3.1. Original Data Collection
The Pocket Skills deployment consisted of a 4-week field study [51]. 100 people were recruited; 27 dropped out over the course of the study, resulting in 73 total participants. The app included modules for Mindfulness, Emotion Regulation, Distress Tolerance, and Addiction Skills adapted from the DBT Skills Training Manual and Workbooks [25]. Each module contained module-specific skills presented via a conversational interface (see Figure 1). Some of these skills contained subskills, or different options for completing the skill (e.g., the Mindfulness skill of Observing included subskills for observing breathing, sounds, visuals, and everyday life).
Throughout the study, Schroeder et al. collected data on participant characteristics via surveys, including demographic information (e.g., gender, age); their anxiety, depression, and coping skill use (measured with the OASIS [38], PHQ-9 [23], and DBT Ways of Coping Checklist [37]); and other characteristics (e.g., what disorders they have been diagnosed with, whether they take medication, what modules they preferred).

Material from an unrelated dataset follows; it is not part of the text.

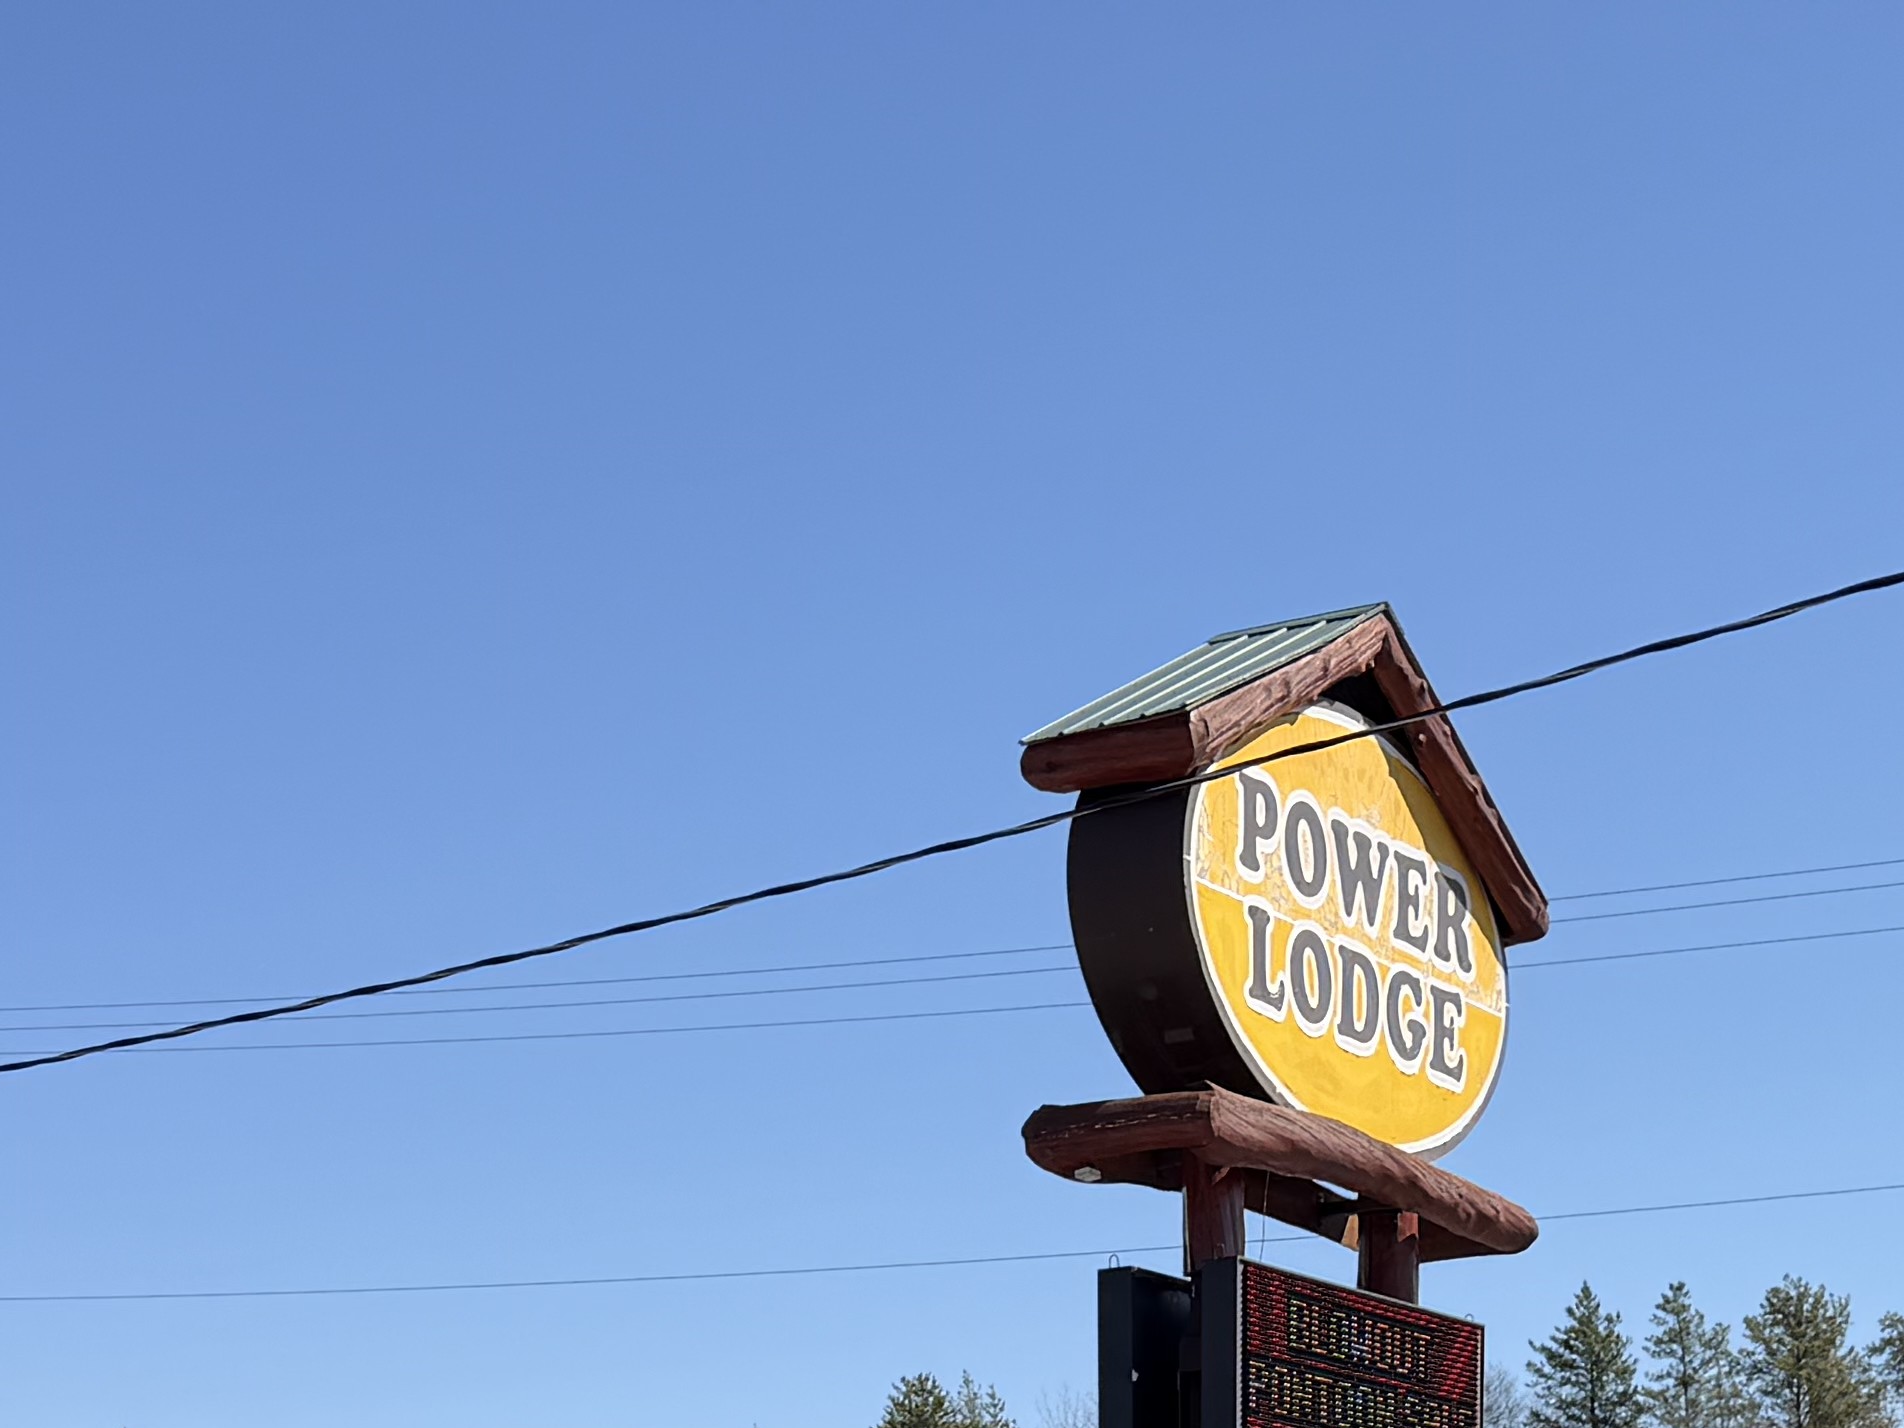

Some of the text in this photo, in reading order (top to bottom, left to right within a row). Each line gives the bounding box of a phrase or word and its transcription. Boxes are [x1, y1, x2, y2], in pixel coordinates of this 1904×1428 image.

They also collected app usage data throughout the study, including app navigation and participant inputs for the skills. Many skills included Likert-scale ratings of how a participant felt before and/or after completing the skill, which we refer to in this paper as pre- and post-ratings. For example, Mindfulness skills often asked people to rate how mindful they felt after completing the skill; Emotion Regulation skills often asked people to rate their emotional intensity before and after completing the skill; and Distress Tolerance skills asked people to rate their level of distress before and/or after completing the skill.
3.2. Data Processing
To process the Pocket Skills study data, we first reviewed the app content to examine the skills themselves. We identified 11 skills that had pre- and post-ratings and 26 skills that had only post-ratings: 18 distinct Mindfulness skills (all with post-ratings only); 5 distinct Emotion Regulation skills (all with post- and pre-ratings); and 14 distinct Distress Tolerance skills (9 with post-ratings only and 5 with post- and pre-ratings). We excluded from our analyses any skill that did not include any Likert-scale ratings. No participant completed the Emotion Regulation skill Cope Ahead; all other skills were practiced at least once by at least one participant. No Addiction skills had Likert-scale ratings, so the module was excluded. Supplementary Table 1 shows our final list of modules, skills, and subskills. Four participants did not complete any of the included skills over the course of the study, and were therefore excluded from the dataset.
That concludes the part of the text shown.